SVM Continental Europe Fund

Continental Europe from the path less taken

The fund, managed by Hugh Cuthbert, aims to achieve long term growth by investing in European companies. Hugh seeks to profit from identifying businesses under-researched by other analysts. This fund can invest in businesses of any size.

SVM Continental Europe Fund

Continental Europe from the path less taken

The fund, managed by Hugh Cuthbert, aims to achieve long term growth by investing in European companies. Hugh seeks to profit from identifying businesses under-researched by other analysts. This fund can invest in businesses of any size.

Overview

Fund Objective

The objective of the Fund is to achieve capital growth over the long term (5 years or more) and it aims to outperform the MSCI Europe ex UK Index. The Fund will identify investment opportunities in undervalued companies in European equity markets which will not necessarily be prominent in mainstream indices. The Fund will invest at least 80% in equities and equity related instruments dealt in or traded on European Eligible Securities Markets.

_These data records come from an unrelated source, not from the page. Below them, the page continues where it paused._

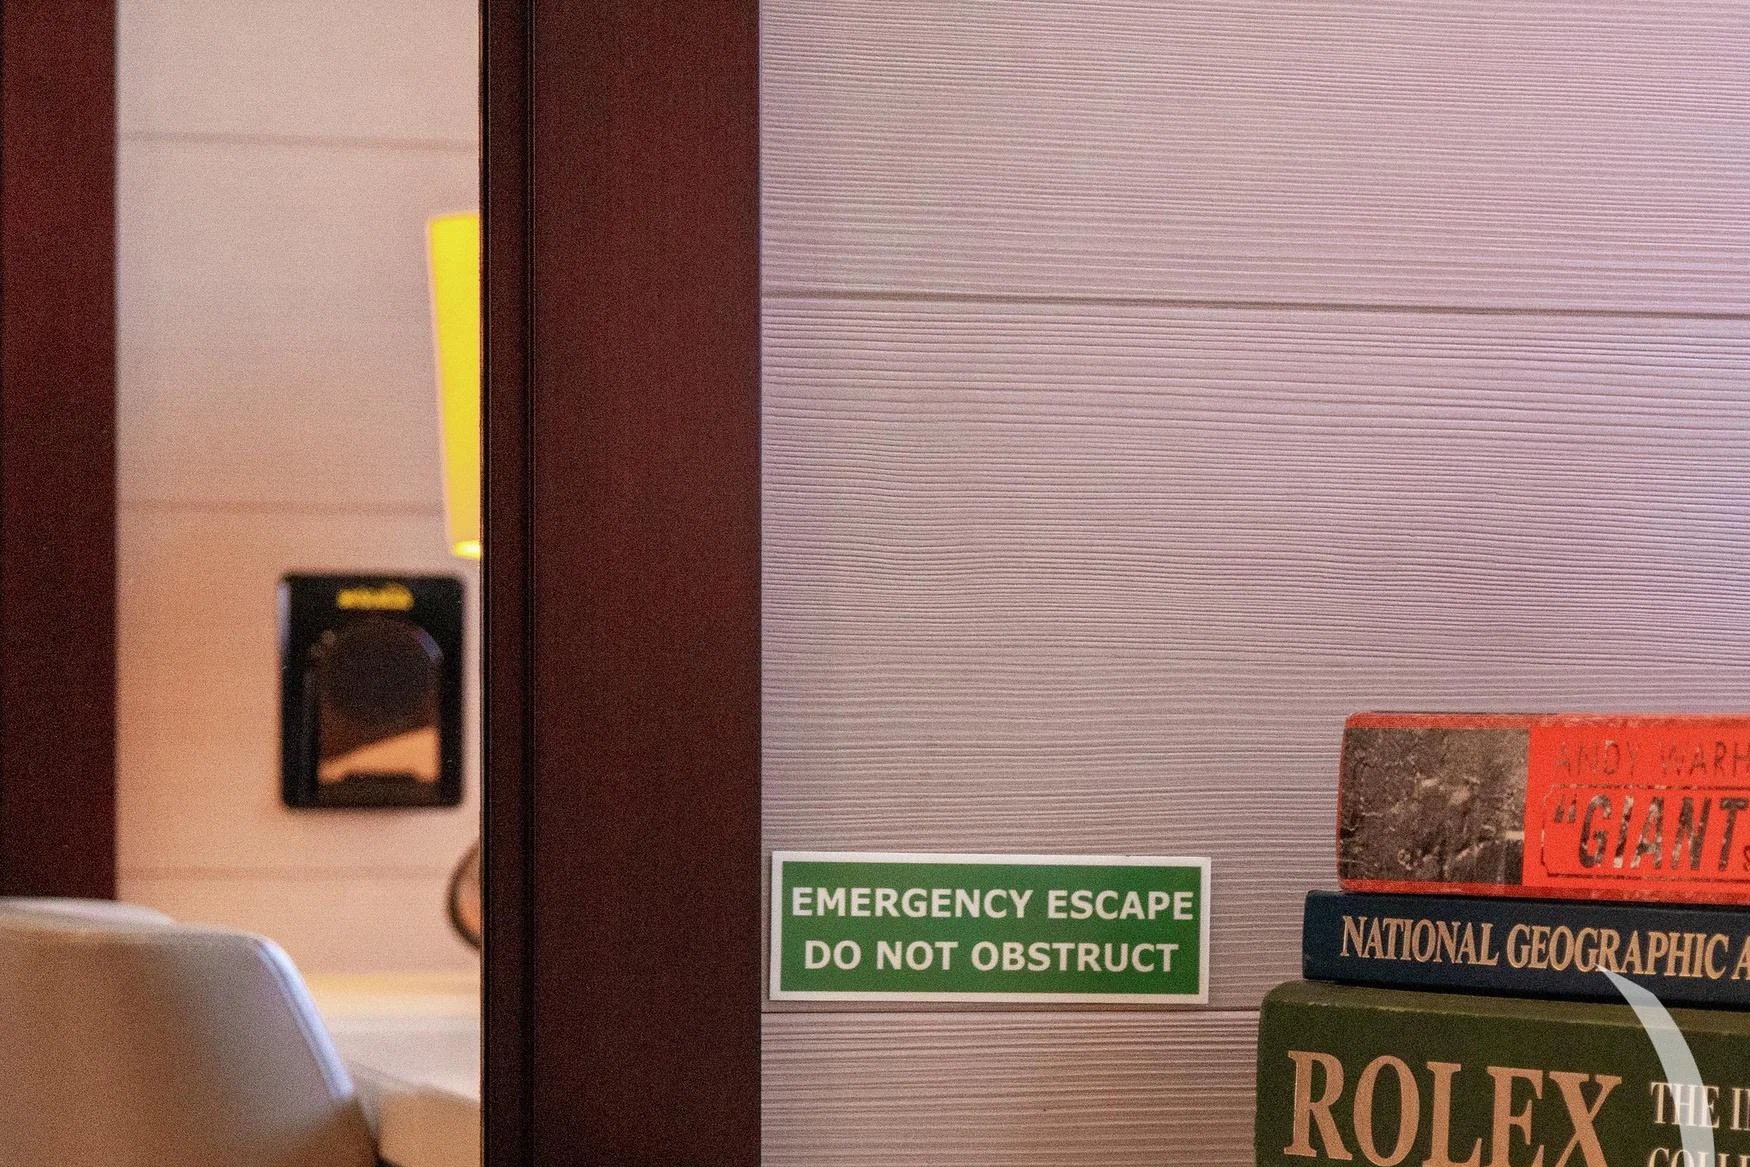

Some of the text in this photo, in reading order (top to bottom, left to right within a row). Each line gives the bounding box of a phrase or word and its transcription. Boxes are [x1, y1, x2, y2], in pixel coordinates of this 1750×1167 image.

[1553, 738, 1640, 777] ANDY
[792, 887, 1194, 920] EMERGENCY ESCAPE
[804, 939, 1179, 972] DO NOT OBSTRUCT
[1340, 915, 1499, 966] NATIONAL
[1506, 923, 1729, 981] GEOGRAPHIC
[1650, 1082, 1720, 1128] THE
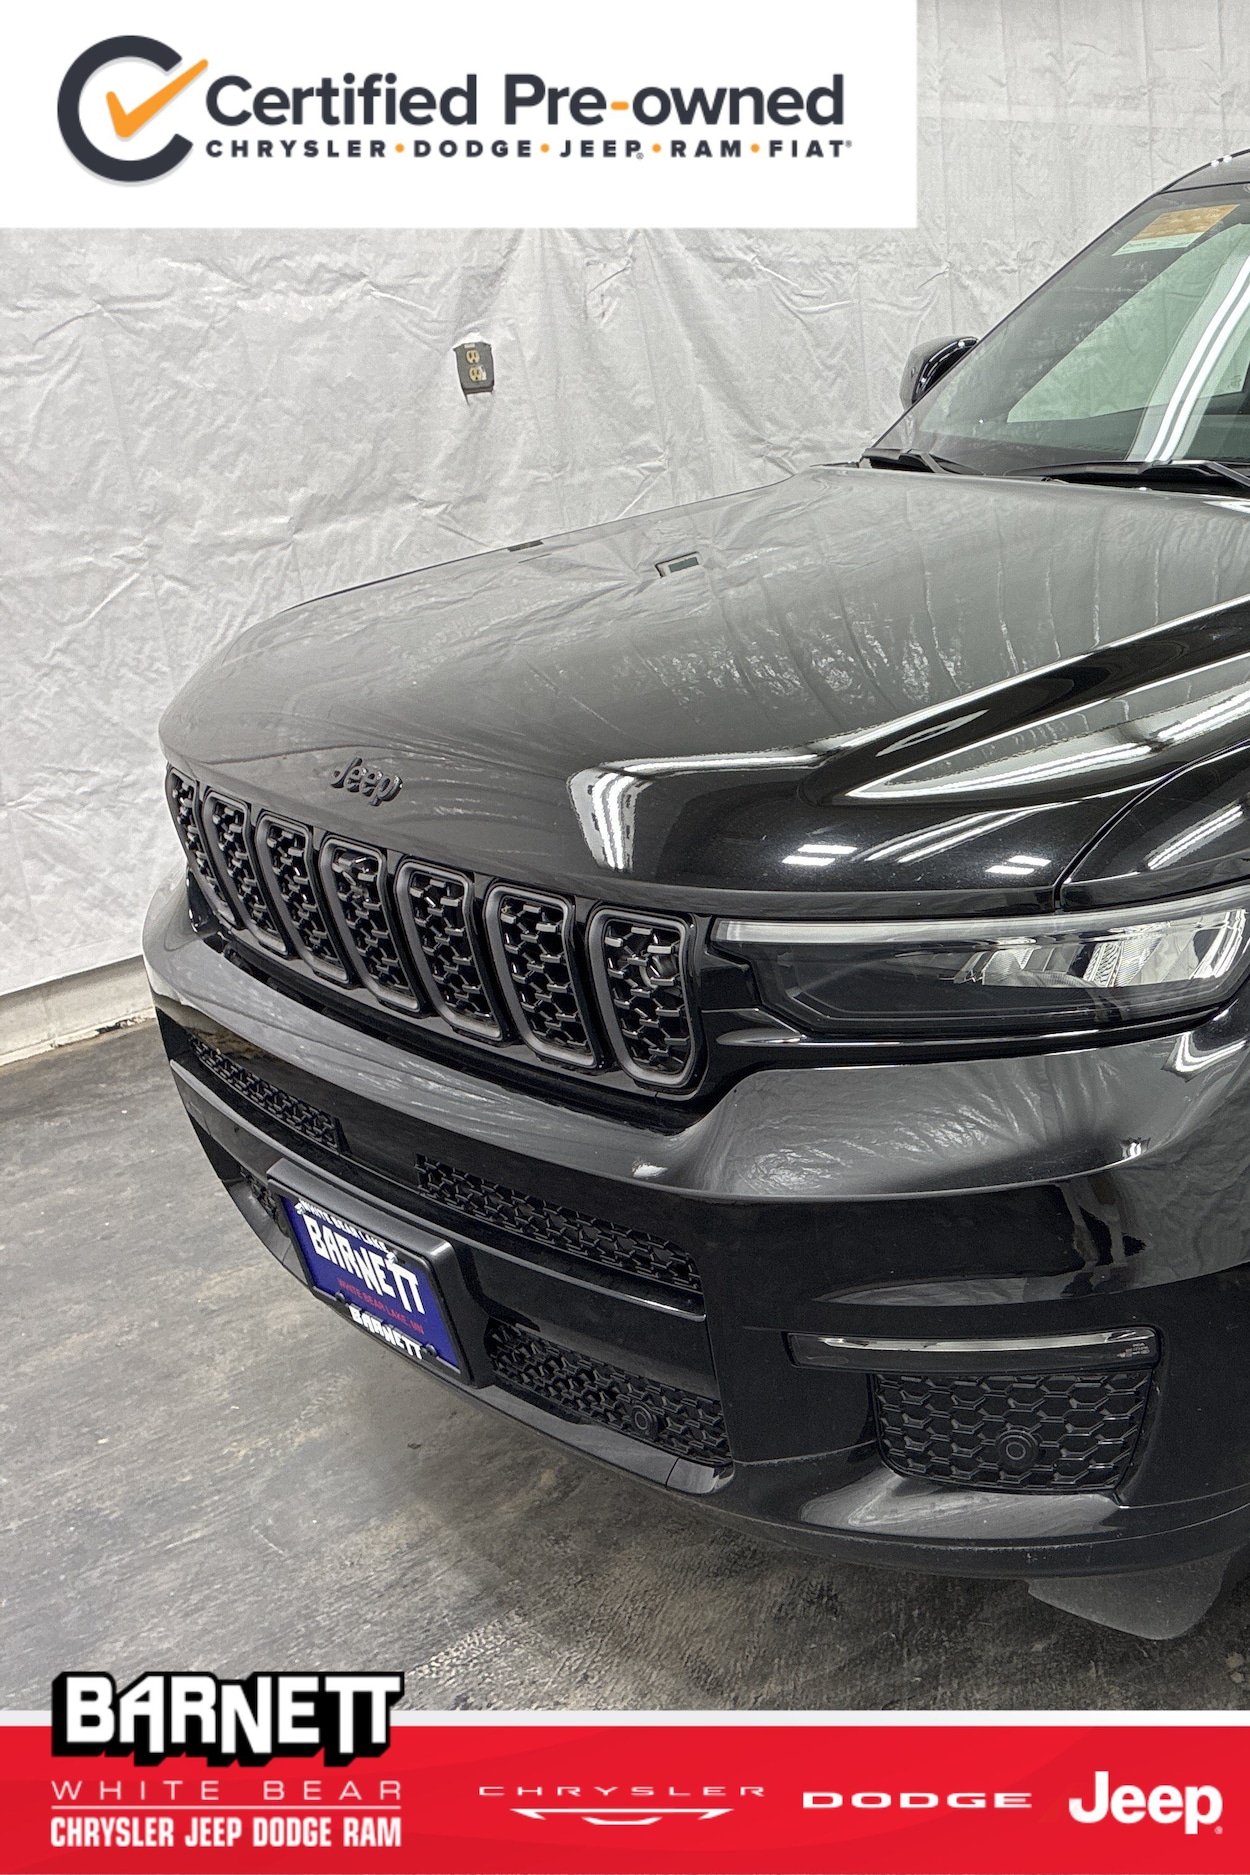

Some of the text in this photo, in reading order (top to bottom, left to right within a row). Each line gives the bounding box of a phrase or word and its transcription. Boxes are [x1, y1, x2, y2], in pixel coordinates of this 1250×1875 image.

[330, 757, 403, 807] Jeep
[303, 1213, 425, 1315] BARNETT
[347, 1302, 424, 1360] BARNETT

The Fund may invest in other permitted securities.

Approach

Continental Europe has 27 different stock markets. Our fund, which can invest right across the market capitalisation spectrum, is perfectly positioned to take advantage of the host of investment opportunities that this presents. At the top end of these markets, valuations can often, though not always, already reflect companies’ prospects. Further down the market cap spectrum, there are a multitude of companies with little or no analyst research coverage and it’s here we consistently find strong potential for valuation anomalies.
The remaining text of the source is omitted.